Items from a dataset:

__________________________________________________

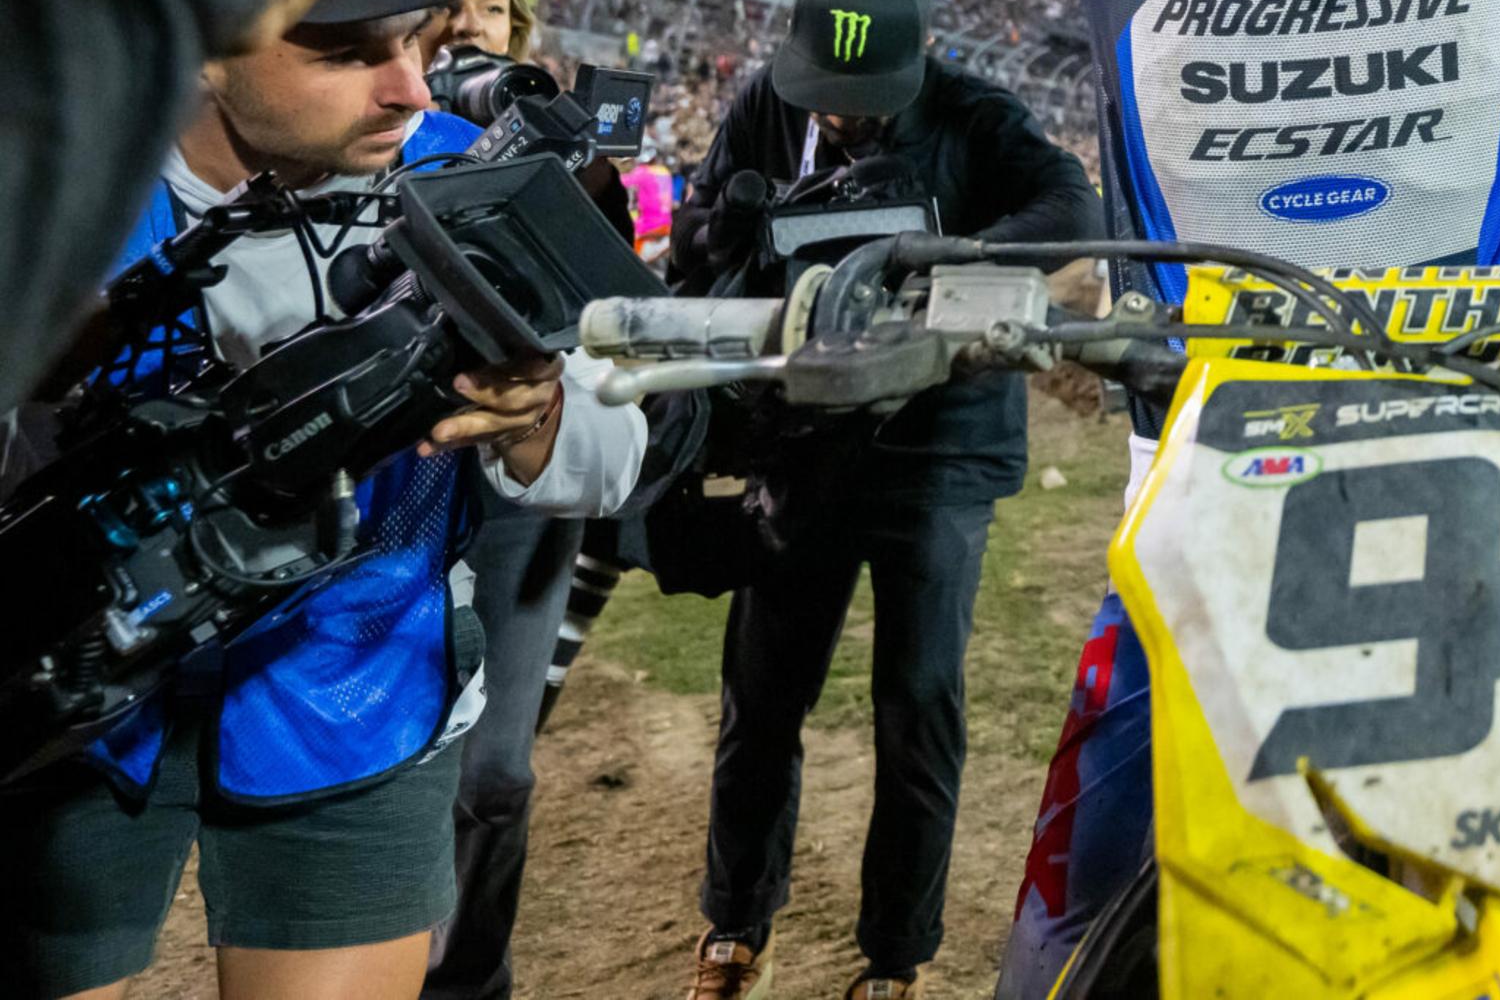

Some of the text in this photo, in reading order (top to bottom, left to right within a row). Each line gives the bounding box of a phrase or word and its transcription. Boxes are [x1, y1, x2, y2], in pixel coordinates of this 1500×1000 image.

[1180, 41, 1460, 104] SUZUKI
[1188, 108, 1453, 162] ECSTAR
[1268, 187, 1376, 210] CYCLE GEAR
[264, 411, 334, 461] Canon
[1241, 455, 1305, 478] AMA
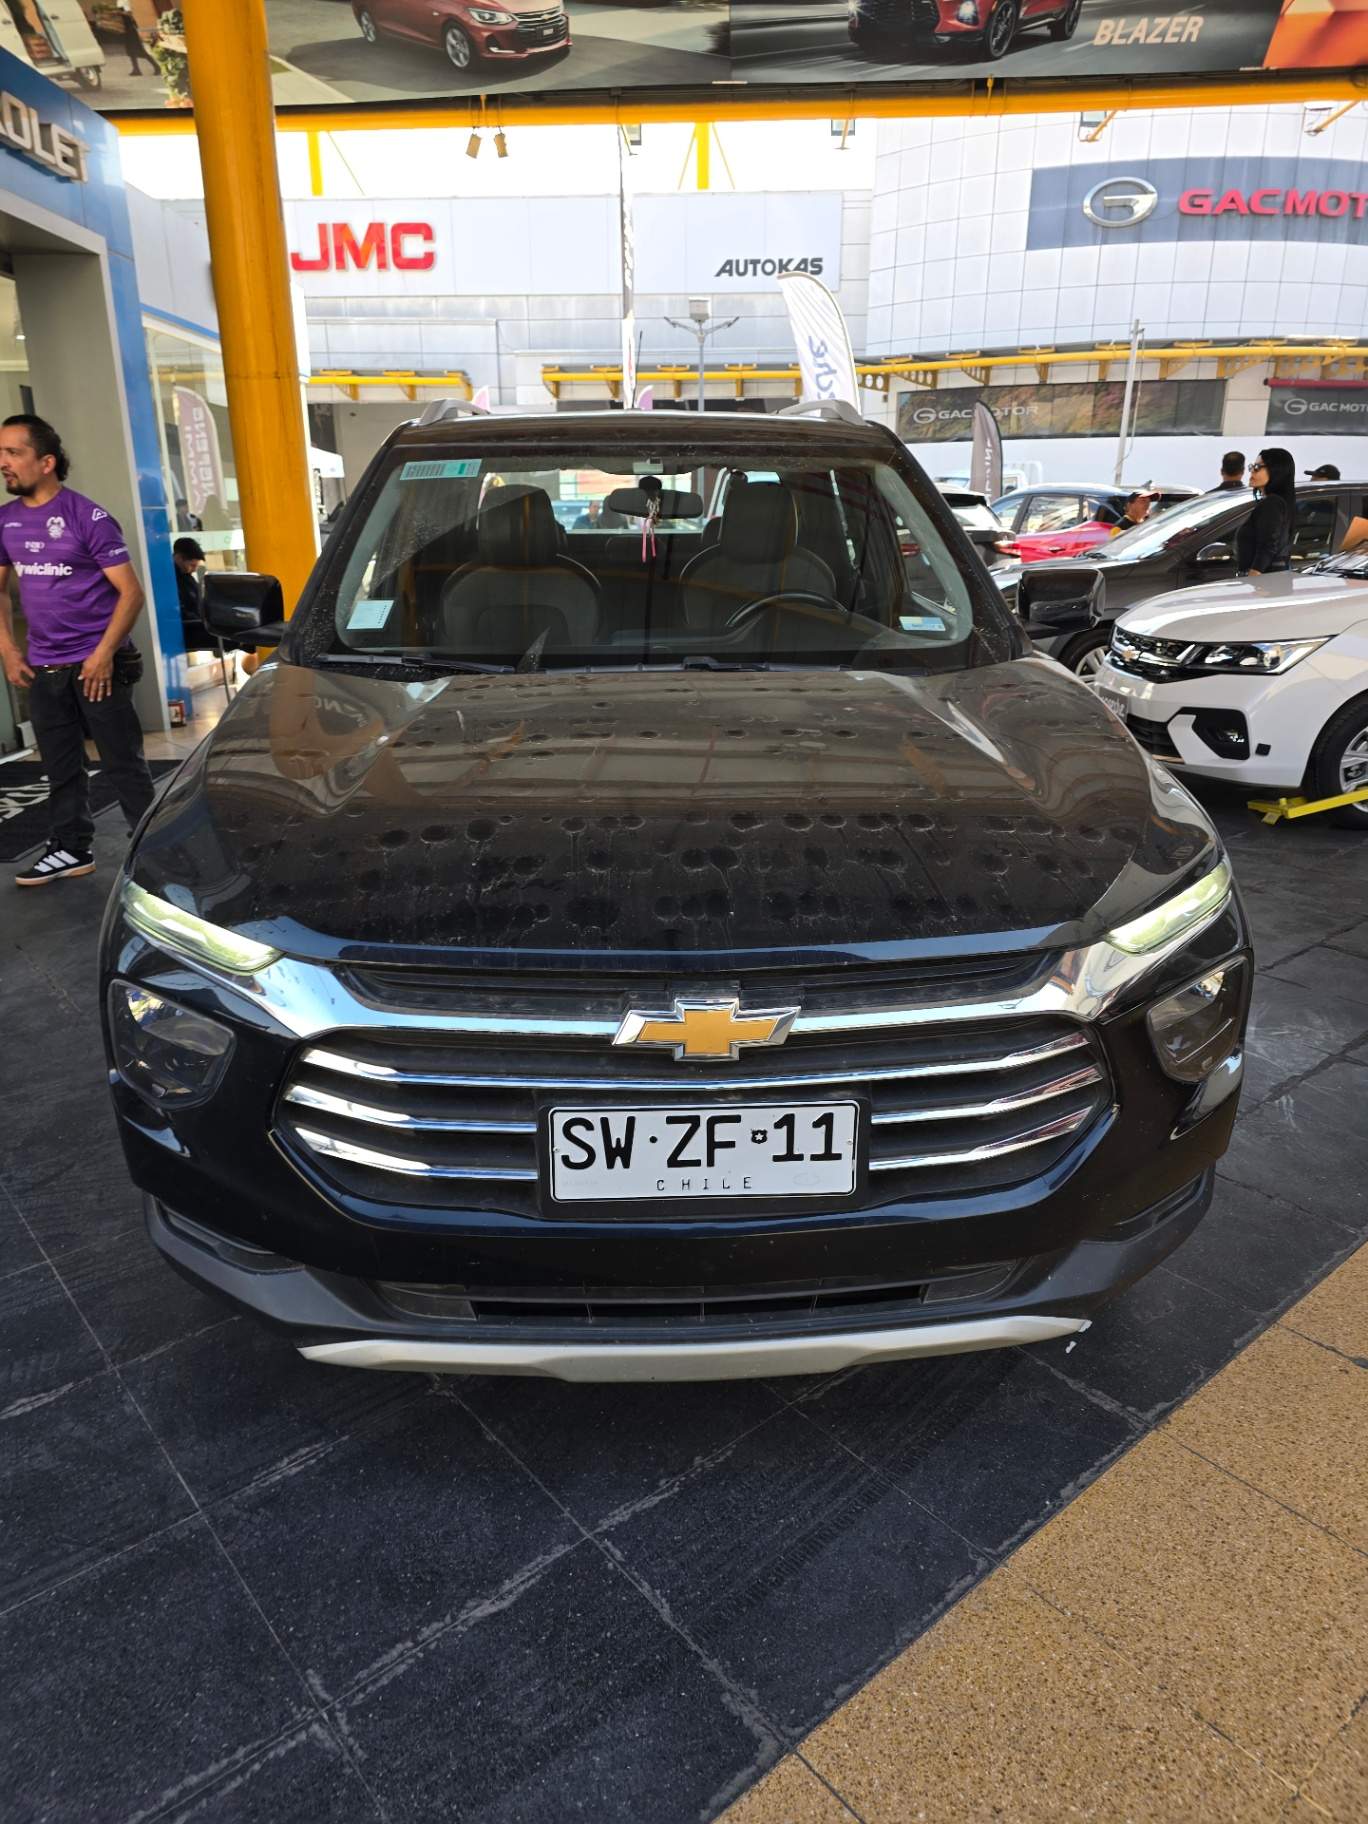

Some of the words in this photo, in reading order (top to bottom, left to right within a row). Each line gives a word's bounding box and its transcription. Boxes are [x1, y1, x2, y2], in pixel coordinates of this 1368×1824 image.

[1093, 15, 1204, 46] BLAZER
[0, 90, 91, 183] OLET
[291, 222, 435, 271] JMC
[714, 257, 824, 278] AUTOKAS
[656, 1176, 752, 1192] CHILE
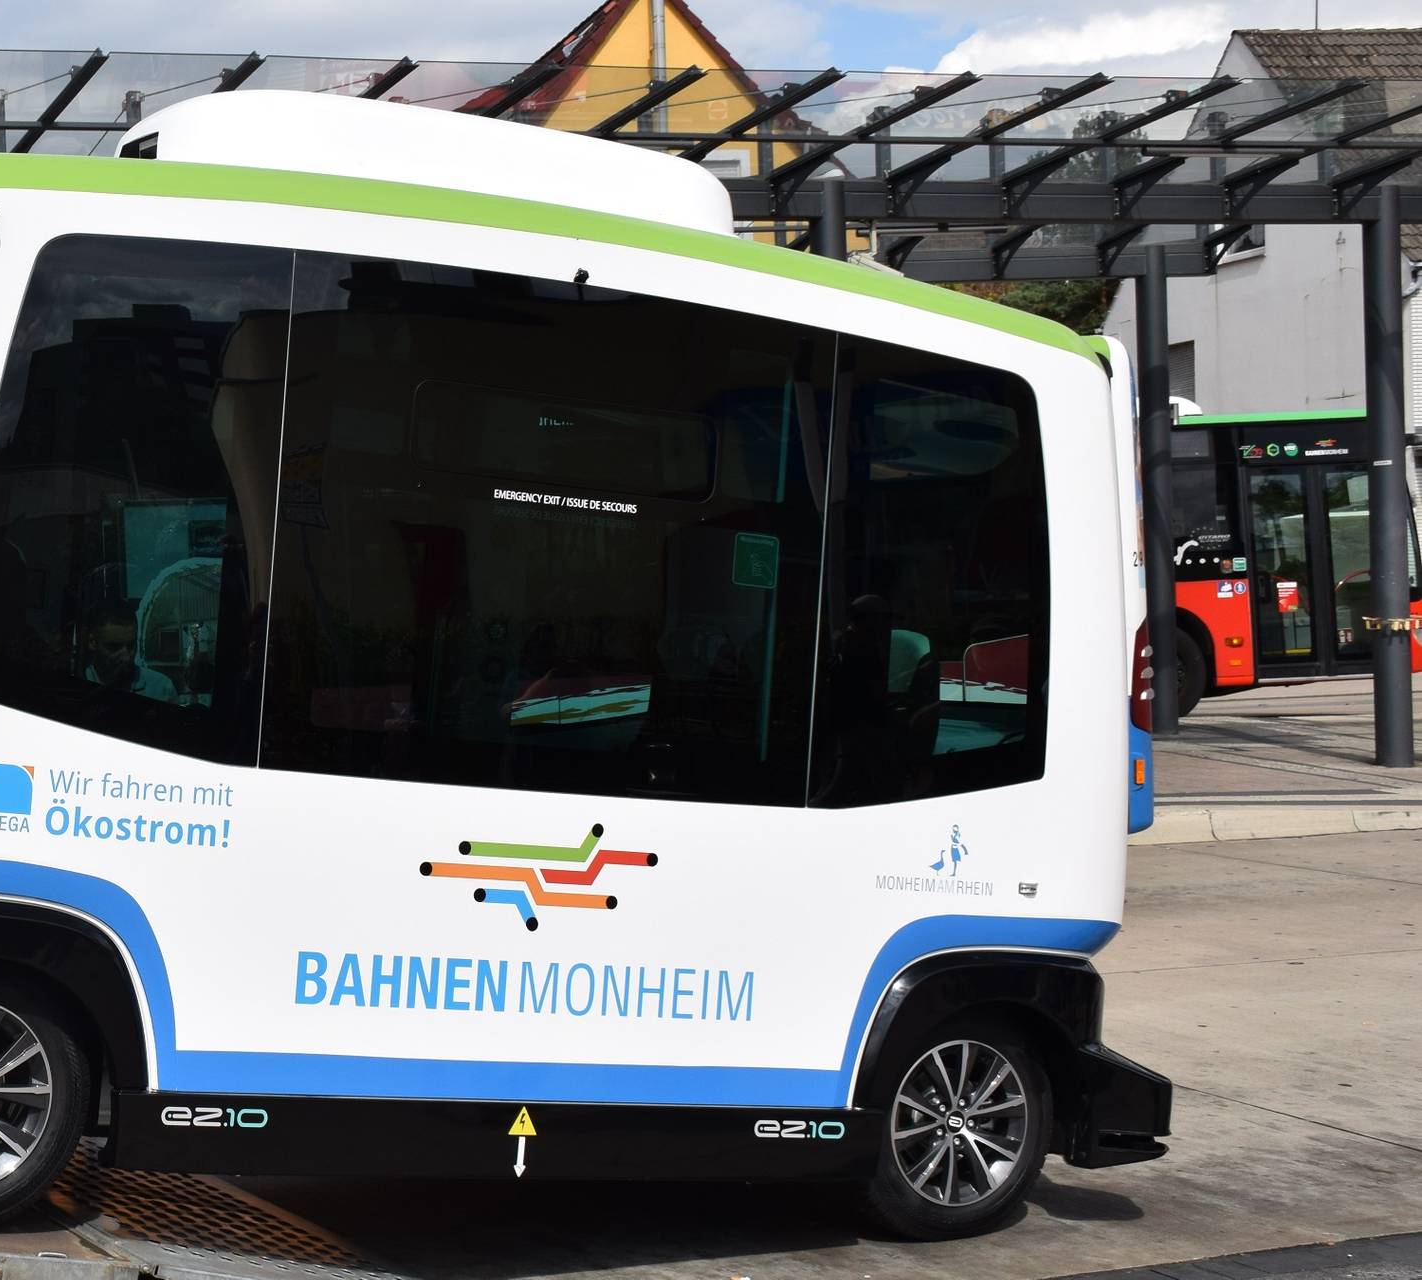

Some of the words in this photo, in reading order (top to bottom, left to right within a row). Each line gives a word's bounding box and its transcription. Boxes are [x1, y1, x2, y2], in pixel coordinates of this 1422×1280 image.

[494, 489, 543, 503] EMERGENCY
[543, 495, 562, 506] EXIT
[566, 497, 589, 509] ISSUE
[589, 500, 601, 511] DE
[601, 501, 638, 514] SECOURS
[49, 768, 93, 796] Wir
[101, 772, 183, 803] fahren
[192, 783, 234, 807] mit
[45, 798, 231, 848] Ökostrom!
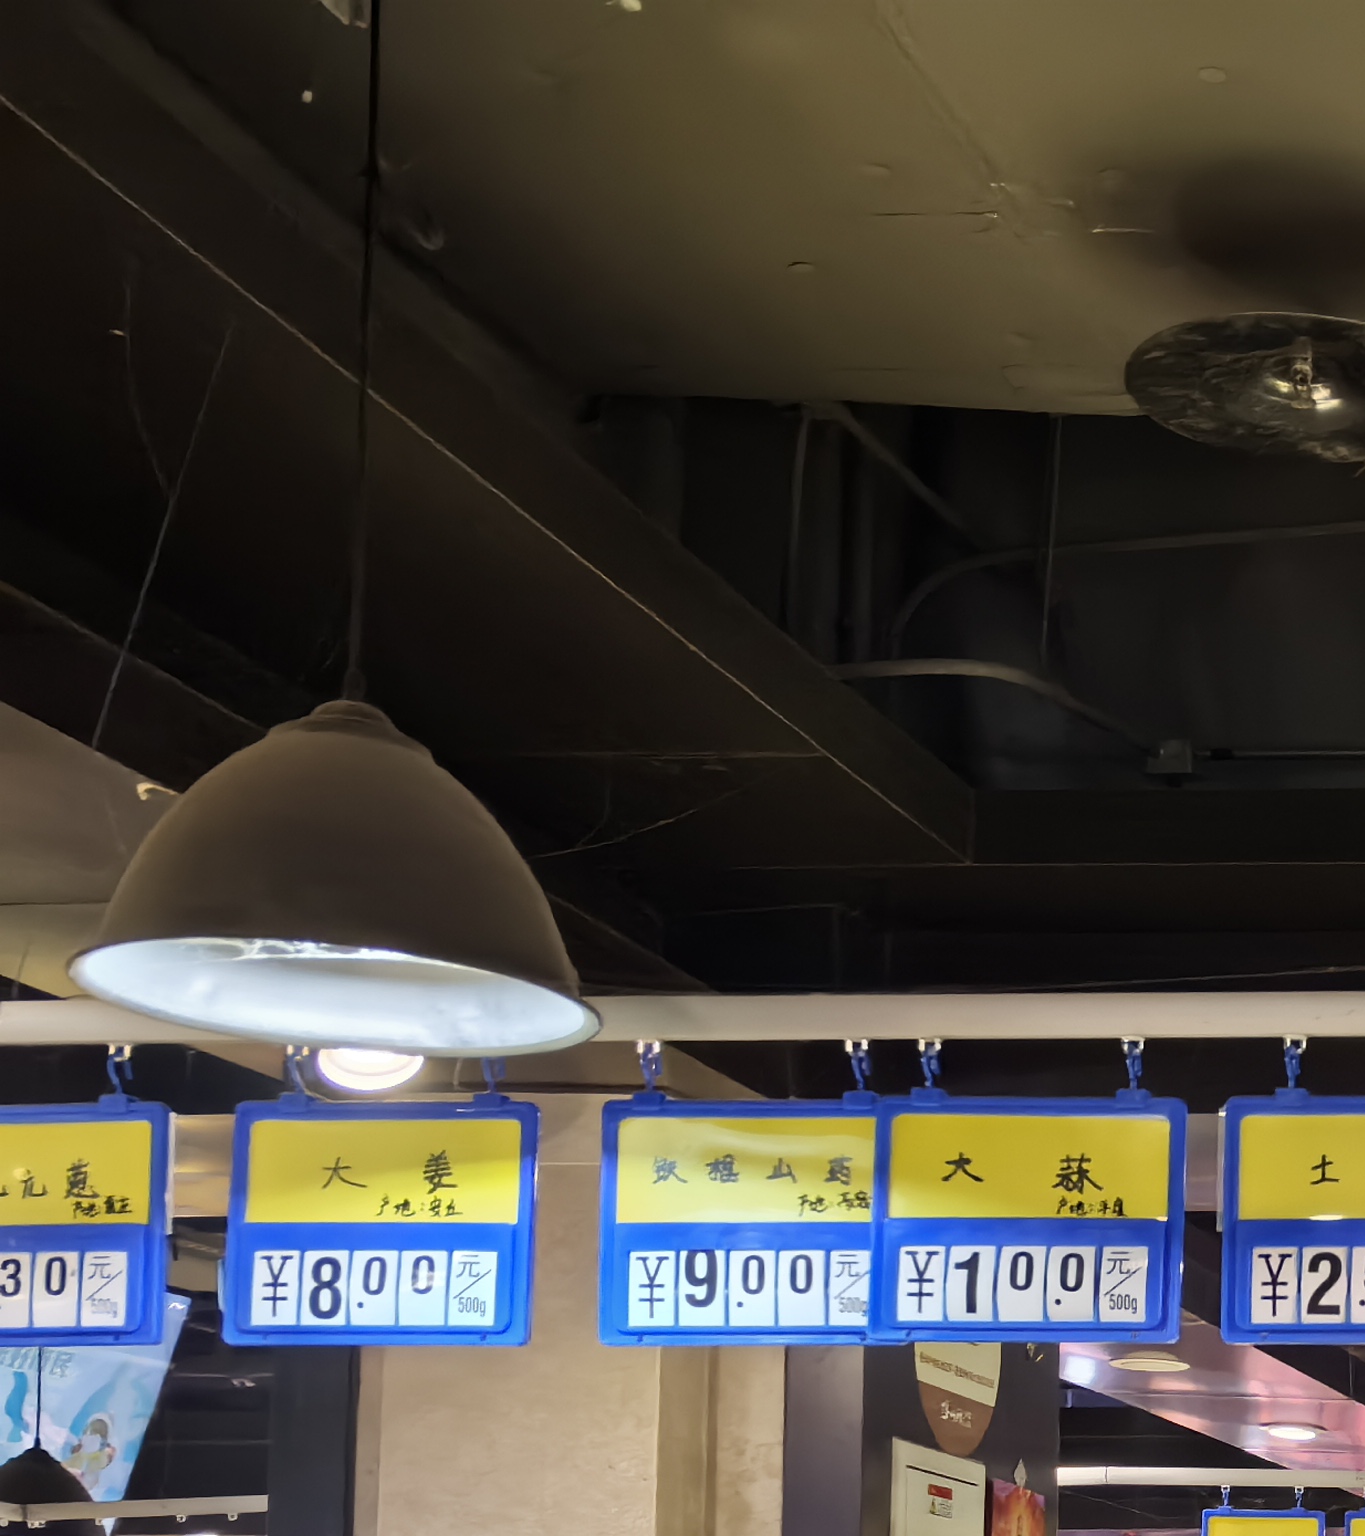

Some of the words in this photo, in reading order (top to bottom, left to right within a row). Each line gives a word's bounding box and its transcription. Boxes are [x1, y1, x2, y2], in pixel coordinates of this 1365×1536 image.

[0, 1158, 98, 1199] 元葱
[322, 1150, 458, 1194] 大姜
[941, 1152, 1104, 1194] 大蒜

__________________________________________________

Would you give the records again exactly, dropping the pictures?

Some of the text in this photo, in reading order (top to bottom, left to right within a row). Each line gives the bounding box of a phrase or word and its transcription. Boxes are [x1, y1, x2, y2], in pixel coordinates of this 1500×1000 image.

[1180, 41, 1460, 104] SUZUKI
[1188, 108, 1453, 162] ECSTAR
[1268, 187, 1376, 210] CYCLE GEAR
[264, 411, 334, 461] Canon
[1241, 455, 1305, 478] AMA

Some of the words in this photo, in reading order (top to bottom, left to right within a row). Each line gives a word's bounding box and its transcription. Boxes are [x1, y1, x2, y2], in pixel coordinates of this 1368×1824 image.

[1093, 15, 1204, 46] BLAZER
[0, 90, 91, 183] OLET
[291, 222, 435, 271] JMC
[714, 257, 824, 278] AUTOKAS
[656, 1176, 752, 1192] CHILE

Some of the words in this photo, in reading order (top to bottom, left to right within a row). Each line gives a word's bounding box and its transcription. Boxes are [x1, y1, x2, y2], in pixel coordinates of this 1422×1280 image.

[494, 489, 543, 503] EMERGENCY
[543, 495, 562, 506] EXIT
[566, 497, 589, 509] ISSUE
[589, 500, 601, 511] DE
[601, 501, 638, 514] SECOURS
[49, 768, 93, 796] Wir
[101, 772, 183, 803] fahren
[192, 783, 234, 807] mit
[45, 798, 231, 848] Ökostrom!

Some of the words in this photo, in reading order (top to bottom, left to right within a row). Each line gives a word's bounding box and its transcription. Boxes are [x1, y1, x2, y2], in pixel coordinates of this 1365×1536 image.

[0, 1158, 98, 1199] 元葱
[322, 1150, 458, 1194] 大姜
[941, 1152, 1104, 1194] 大蒜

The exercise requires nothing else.